Written communications are tangible, verifiable, and permanent. Typically, both the sender and the receiver have a copy of the document. And the written word can be more concise, logical, and relevant than the spoken word. Written messages, however, are time consuming to create. Feedback may be delayed, if it is forthcoming at all. Furthermore, sending a written message does not guarantee that it will be received, read, or understood. The advantages of communicating orally are quick transmission and immediate feedback. Since an oral message often passes through a number of people, however, this method is subject to distortion. We want to share what we know with others, so good news passes between us fairly fast—bad news, even faster. The unofficial communication channel in many organizations, the grapevine, has three characteristics: it is not controlled by management, it is perceived to be a more reliable information source than formal communication channels, and it is used to serve the self-interests of those people within it. In an open organization, the grapevine can be quite accurate; in an authoritative culture, it may not be accurate, even though it contains some truth. Because the grapevine cannot be stopped, many managers try to use it to their advantage. Even though it is neither spoken nor written, nonverbal communication can be powerful. The best known areas of nonverbal communication are body language and verbal intonation. Body language refers to gestures, facial expressions, and other movements of the body. Verbal intonation refers to the emphasis someone gives to words or phrases. Oral communication also has a nonverbal component that is likely to carry the greatest impact. As one researcher observed, 55 percent of an oral message is derived from facial expression and physical posture, 38 percent from verbal intonation, and only 7 percent from the actual words used. We use sophisticated electronic devices, such as cellular phones, voice-activated computers, and e-mail, to carry our interpersonal communications. Because e-mail is fast, convenient, and cheap, it has become one of the most widely used communication methods in the workplace. But it is a also public information, and should not be used to discuss confidential topics or sensitive issues.

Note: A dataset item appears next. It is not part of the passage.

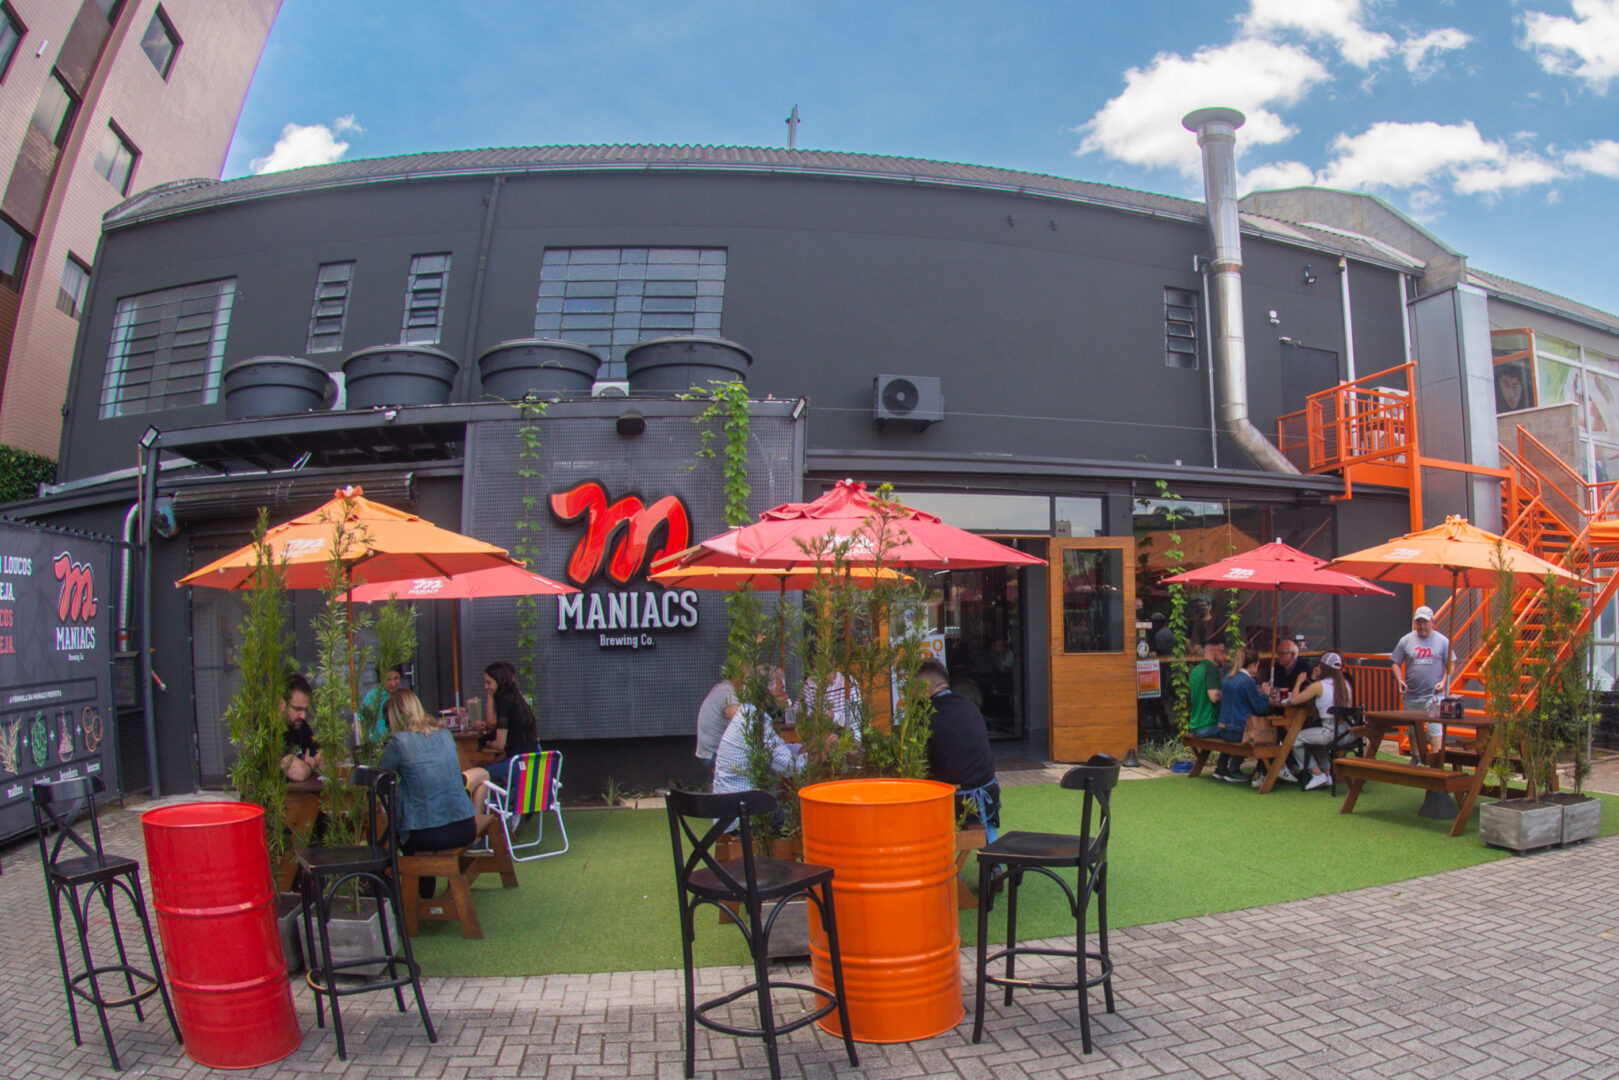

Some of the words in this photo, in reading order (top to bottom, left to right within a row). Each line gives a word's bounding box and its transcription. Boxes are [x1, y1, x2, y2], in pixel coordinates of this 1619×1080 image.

In addition to the noise that can derail the communication process, there are other communication barriers. Filtering is the deliberate manipulation of information to make it appear more favorable to the receiver. Selective perception, another barrier, occurs when a person selectively sees or hears communications according to his or her needs, motivations, experiences, background, and personal characteristics. Information overload occurs when a person is exposed to more information than he or she can process. A person’s emotional state when either sending or receiving a message can also cause a barrier to communication. Since the meaning that words carry is dependent on a person’s age, education, and culture, even the words of the message can be a barrier to communication. Finally, communication apprehension can occur when one is required to interact face-to-face.
Managers can use the following techniques to overcome communication barriers: using feedback, simplifying language, listening actively, constraining emotions, and watching nonverbal cues. If someone’s emotions are running high, then he should not communicate before calming down. If not, that person may either misconstrue an incoming message or fail to express his or her outgoing messages clearly and accurately. Actions speak louder that words. So, effective communicators watch their nonverbal cues to ensure that they too convey the desired message. Managers should use feedback to check what has been communicated or what they think has been communicated. Feedback can minimize misunderstandings and inaccuracies. Managers should simplify language by using words that the intended audience understands. Doing so will help the message to be received and understood. Hearing and listening are different. Hearing is the perception of sound; listening is the attachment of meaning to the sounds. Listening is an active search for meaning, whereas hearing is passive. Active listening demands total concentration because while the average person speaks at about 150 words per minute, we can hear and process nearly 1,000 words per minute. When we listen actively, we listen for the full meaning of the message without making premature judgments or thinking about how we will respond.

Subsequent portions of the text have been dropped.